**What is being asked**
Without changing a character, return the entries, but not the images they hold.

Segment Open

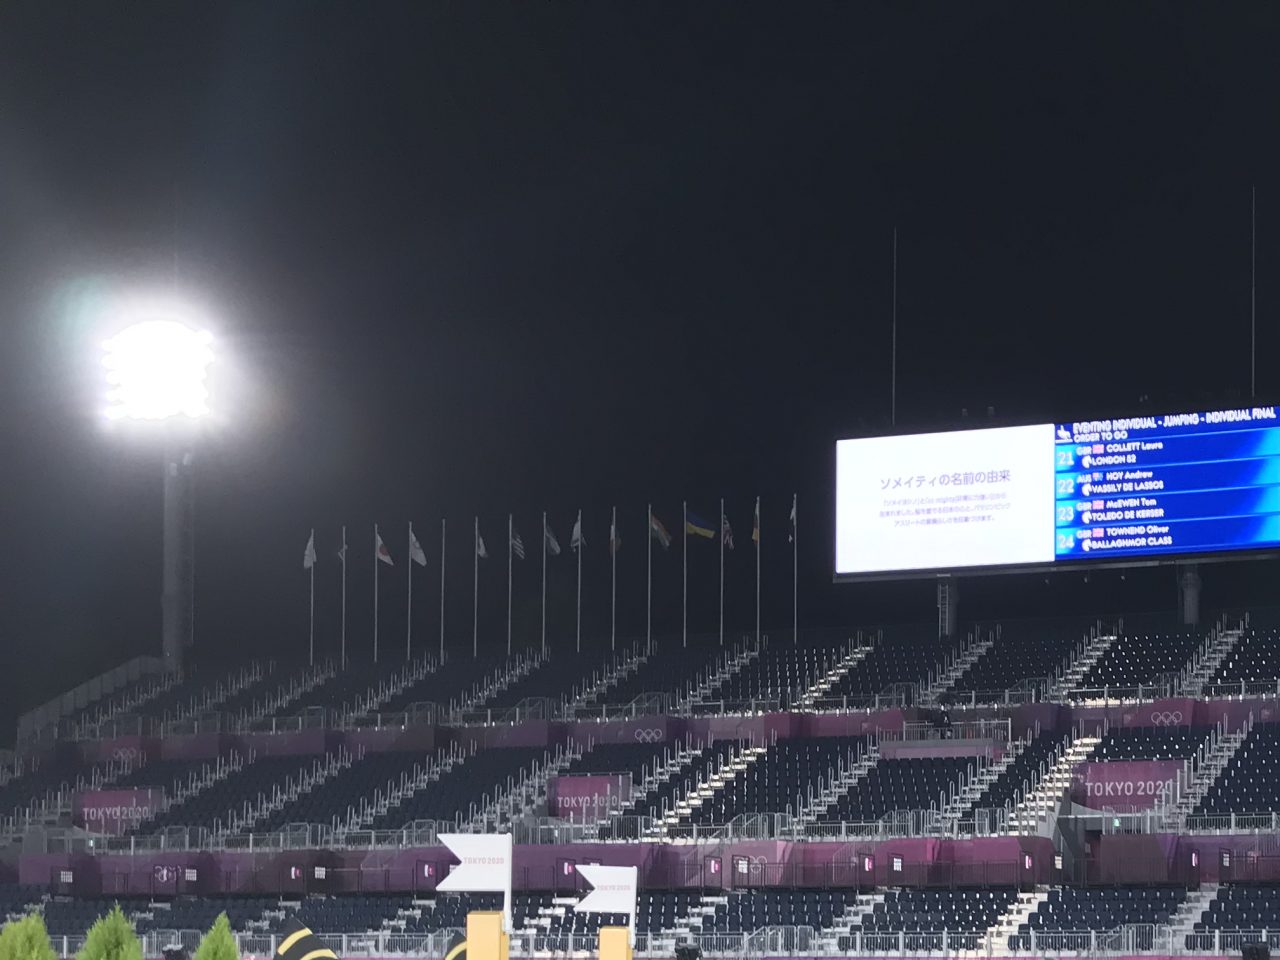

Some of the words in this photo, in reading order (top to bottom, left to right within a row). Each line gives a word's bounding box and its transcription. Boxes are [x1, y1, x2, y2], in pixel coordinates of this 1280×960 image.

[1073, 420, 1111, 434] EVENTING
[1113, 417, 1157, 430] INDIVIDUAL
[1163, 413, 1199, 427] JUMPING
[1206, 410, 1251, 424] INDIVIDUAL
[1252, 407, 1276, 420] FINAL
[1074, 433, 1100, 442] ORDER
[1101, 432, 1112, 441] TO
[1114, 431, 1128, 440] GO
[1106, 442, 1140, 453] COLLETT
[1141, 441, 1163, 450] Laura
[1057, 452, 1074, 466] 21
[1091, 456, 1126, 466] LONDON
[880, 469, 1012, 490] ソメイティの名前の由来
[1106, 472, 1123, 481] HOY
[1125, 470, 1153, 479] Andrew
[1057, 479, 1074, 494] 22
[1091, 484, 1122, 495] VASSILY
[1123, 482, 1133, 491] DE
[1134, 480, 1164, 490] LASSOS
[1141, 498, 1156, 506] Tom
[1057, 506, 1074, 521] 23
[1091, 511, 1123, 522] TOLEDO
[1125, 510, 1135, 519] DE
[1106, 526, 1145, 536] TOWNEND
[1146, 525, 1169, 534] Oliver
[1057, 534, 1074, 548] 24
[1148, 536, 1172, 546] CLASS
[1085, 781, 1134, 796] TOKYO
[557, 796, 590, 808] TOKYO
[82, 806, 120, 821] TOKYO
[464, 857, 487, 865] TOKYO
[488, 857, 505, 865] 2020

Segment Closed

**Answer to the problem**
Some of the words in this photo, in reading order (top to bottom, left to right within a row). Each line gives a word's bounding box and its transcription. Boxes are [x1, y1, x2, y2], in pixel coordinates of this 1280×960 image.

[1073, 420, 1111, 434] EVENTING
[1113, 417, 1157, 430] INDIVIDUAL
[1163, 413, 1199, 427] JUMPING
[1206, 410, 1251, 424] INDIVIDUAL
[1252, 407, 1276, 420] FINAL
[1074, 433, 1100, 442] ORDER
[1101, 432, 1112, 441] TO
[1114, 431, 1128, 440] GO
[1106, 442, 1140, 453] COLLETT
[1141, 441, 1163, 450] Laura
[1057, 452, 1074, 466] 21
[1091, 456, 1126, 466] LONDON
[880, 469, 1012, 490] ソメイティの名前の由来
[1106, 472, 1123, 481] HOY
[1125, 470, 1153, 479] Andrew
[1057, 479, 1074, 494] 22
[1091, 484, 1122, 495] VASSILY
[1123, 482, 1133, 491] DE
[1134, 480, 1164, 490] LASSOS
[1141, 498, 1156, 506] Tom
[1057, 506, 1074, 521] 23
[1091, 511, 1123, 522] TOLEDO
[1125, 510, 1135, 519] DE
[1106, 526, 1145, 536] TOWNEND
[1146, 525, 1169, 534] Oliver
[1057, 534, 1074, 548] 24
[1148, 536, 1172, 546] CLASS
[1085, 781, 1134, 796] TOKYO
[557, 796, 590, 808] TOKYO
[82, 806, 120, 821] TOKYO
[464, 857, 487, 865] TOKYO
[488, 857, 505, 865] 2020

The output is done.